Alcide Louis "Slow Drag" Pavageau (March 7, 1888 – January 19, 1969) was an American jazz double bassist and guitarist.

== Biography ==
Pavageau was born in New Orleans, Louisiana. He started his career as a dancer, mastering a dance called the Slow Drag which resulted in his nickname. He learned the guitar as a young man from his cousin Ulysses Picou, a singer in New Orleans. Pavageau came from a musical family and was related to families like the Tios, Picous, and Pirons who formed some of the earliest jazz bands. He played Buddy Petit, Bunk Johnson, and Herb Morand. Johnson bragged that he taught Louis Armstrong how to play cornet by ear. He started playing bass in 1927 when he was 39 years old and joined George Lewis's band in 1943. He also played in Bunk Johnson's band in New York City in 1945. He toured with Lewis through the end of the 1950s. In 1961, while playing with the Louis Cottrell Trio, he recorded New Orleans: The Living Legends for Riverside.

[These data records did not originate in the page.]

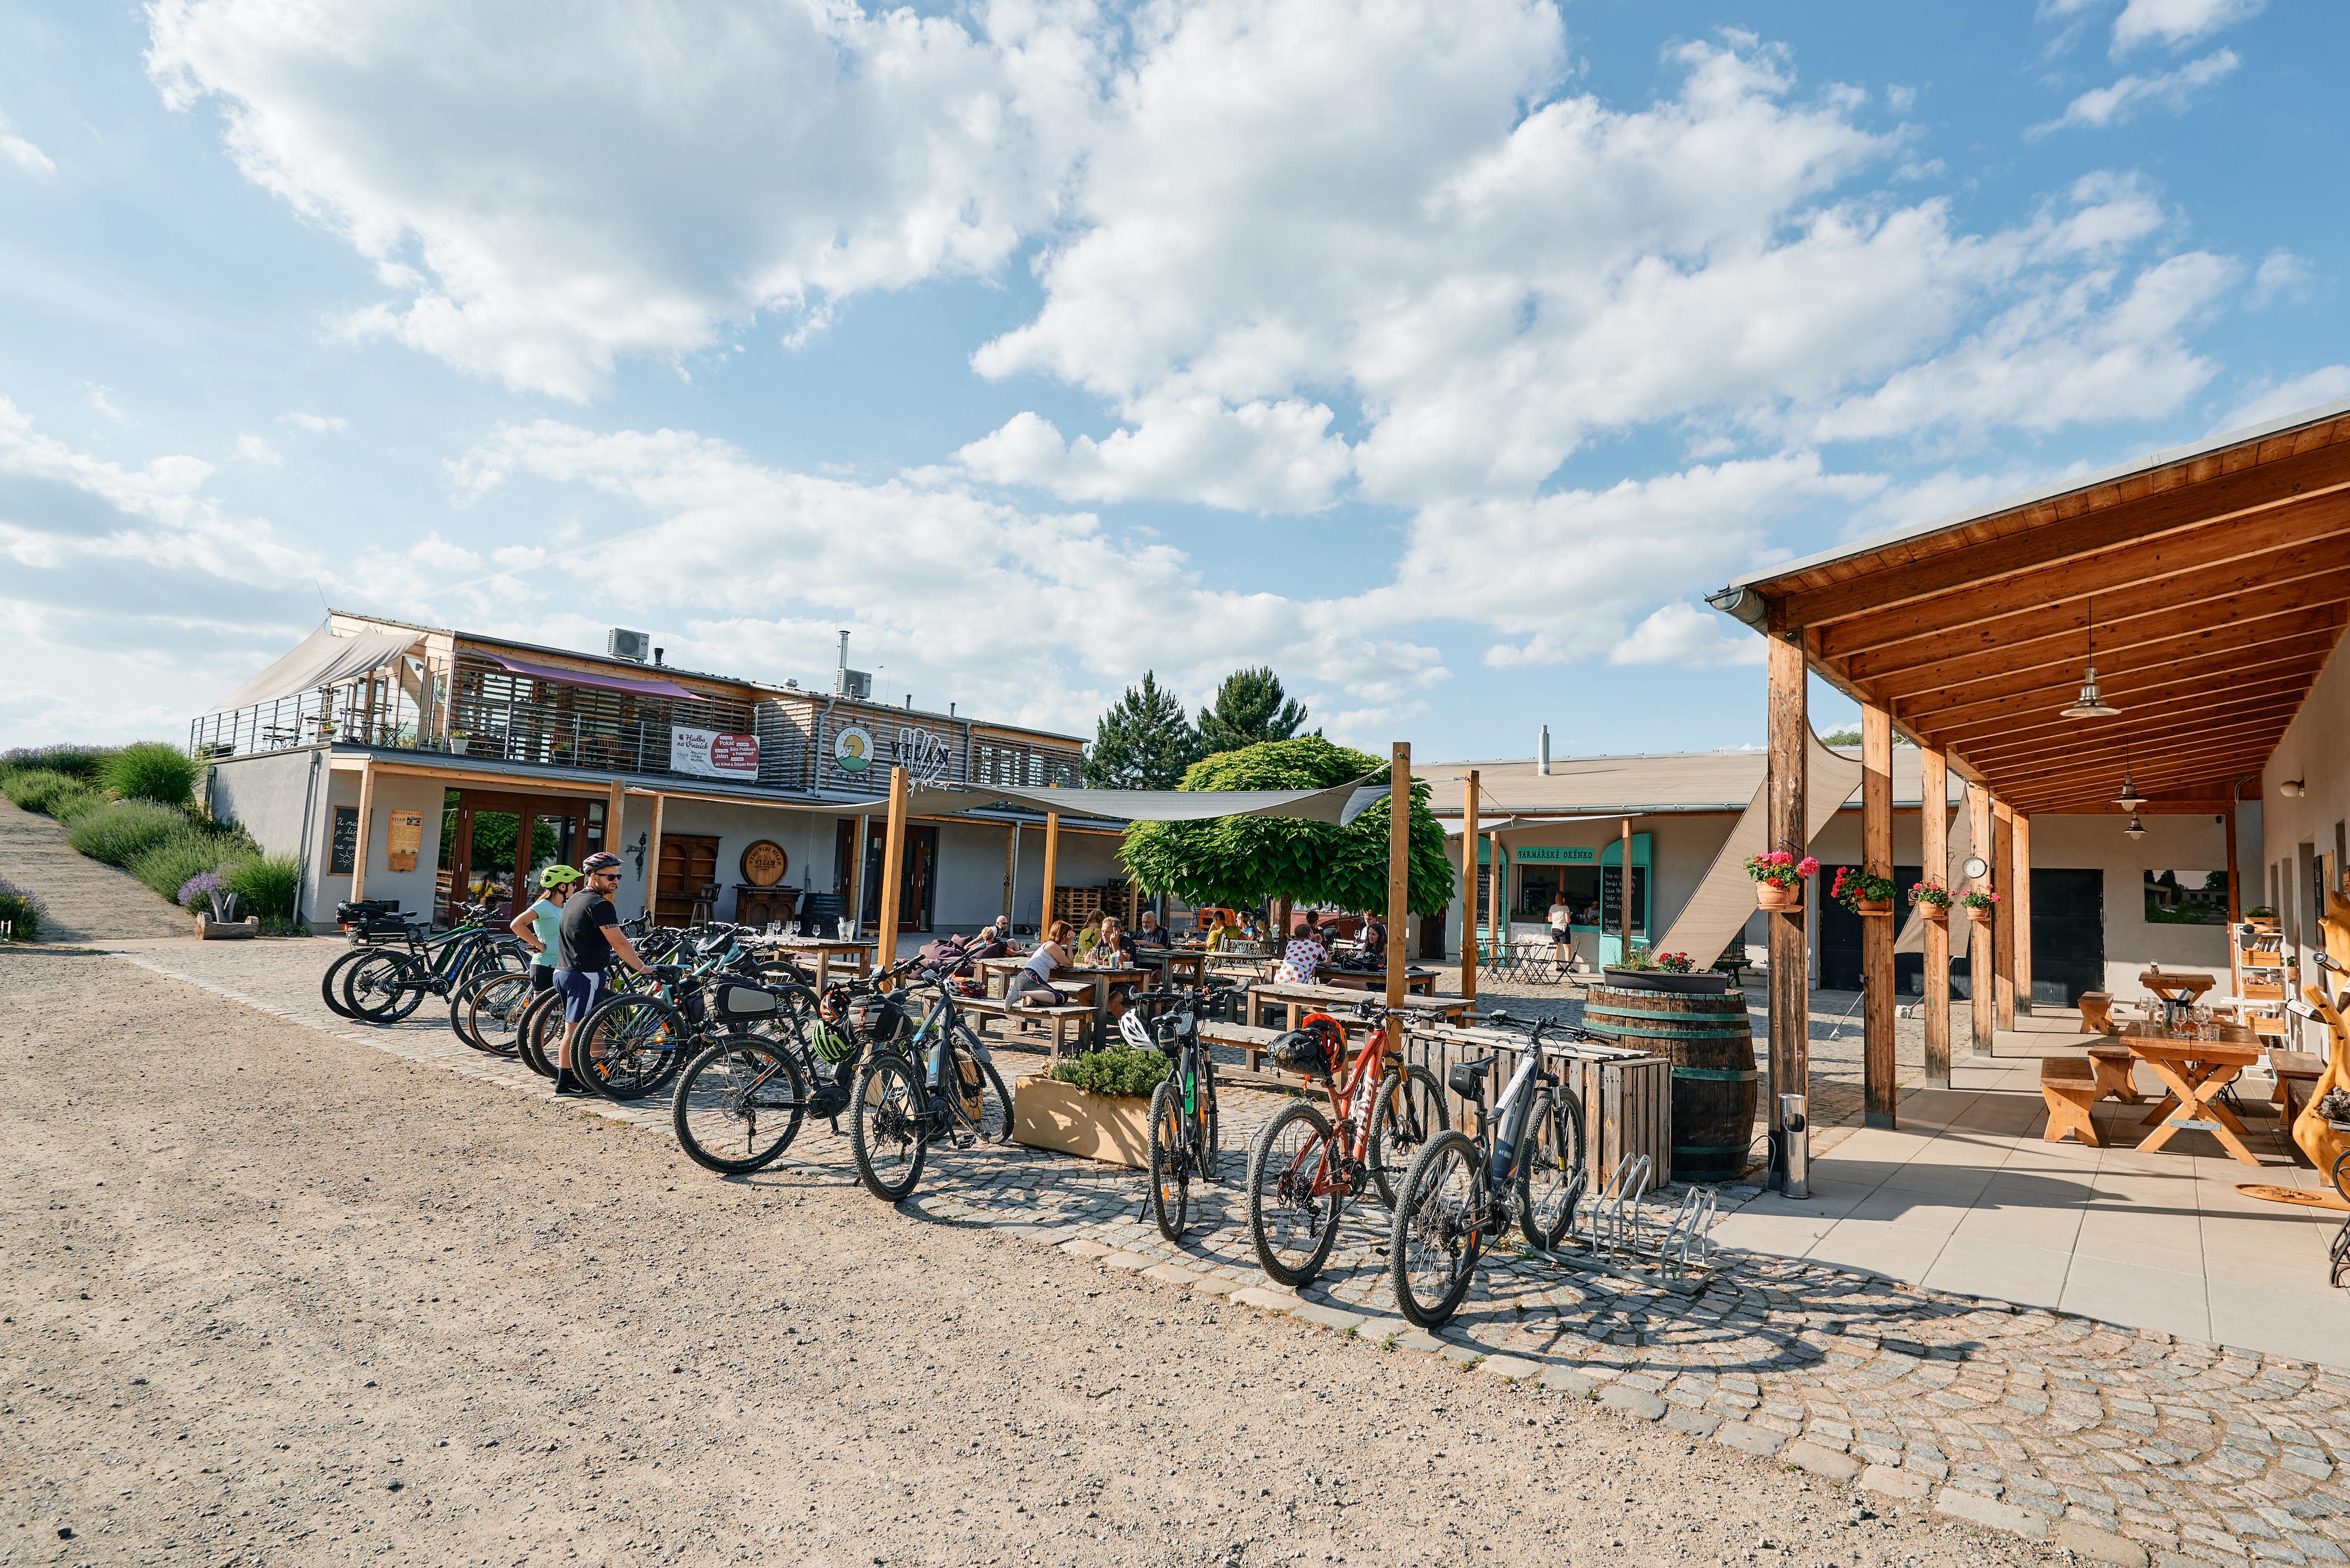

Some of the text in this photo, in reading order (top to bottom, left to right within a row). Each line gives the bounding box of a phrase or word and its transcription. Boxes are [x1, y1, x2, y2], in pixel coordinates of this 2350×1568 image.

[686, 741, 708, 750] Vinicích
[337, 817, 358, 827] U ná
[335, 828, 343, 837] je
[1518, 848, 1592, 859] FARMÁŘSKÉ OKÉNKO
[454, 946, 469, 973] GIANT

He worked at Preservation Hall in the 1960s and recorded one album as a leader in 1965 in addition to frequent recording with Lewis.

Pavageau was the son of Ferreol "Joseph" Pavageau and Alice Philippe. He was the descendant of a marriage between two of the oldest Creole families in New Orleans. His family traced their roots to wealthy French planters who were displaced by the Haitian Revolution and friends of Bienville, the founder of New Orleans. For almost 40 years, he was the Grand Marshal of the Second Line of the Mardi Gras Parade. The second line is known for twirling ornamental umbrellas during their gatherings. The twirling of umbrellas may have been adapted from the early Italian immigrant custom of using umbrellas at funeral processions. Alcide died in 1969 in New Orleans at the age of 80.

Although rumors abound about Alcide Pavageau being a nephew of renowned New Orleans voodoo queen Marie Laveau, this is not true.

== Discography ==
=== As leader ===
- Slow Drag's Bunch (Jazz Crusade)

=== As sideman ===
- Sweet Emma Barrett, New Orleans' Sweet Emma and Her Preservation Hall Jazz Band (Preservation Hall, 1964)
- Louis Cottrell Jr., The Louis Cottrell Trio: Bourbon Street (Riverside, 1961)
- Bunk Johnson, New Orleans 1944 (American Music)
- Bunk Johnson, Hot Jazz (RCA Victor, 1946)
- George Lewis, New Orleans Jazz Band And Quartet (Riverside, 1954)
- George Lewis, George Lewis & Turk Murphy at Newport (Verve, 1957)
- George Lewis, The Perennial George Lewis (Verve, 1958)
- Jim Robinson, Jim Robinson's New Orleans Band (Riverside, 1961)
- Jim Robinson, Jim Robinson Plays Spirituals And Blues (Riverside, 1961)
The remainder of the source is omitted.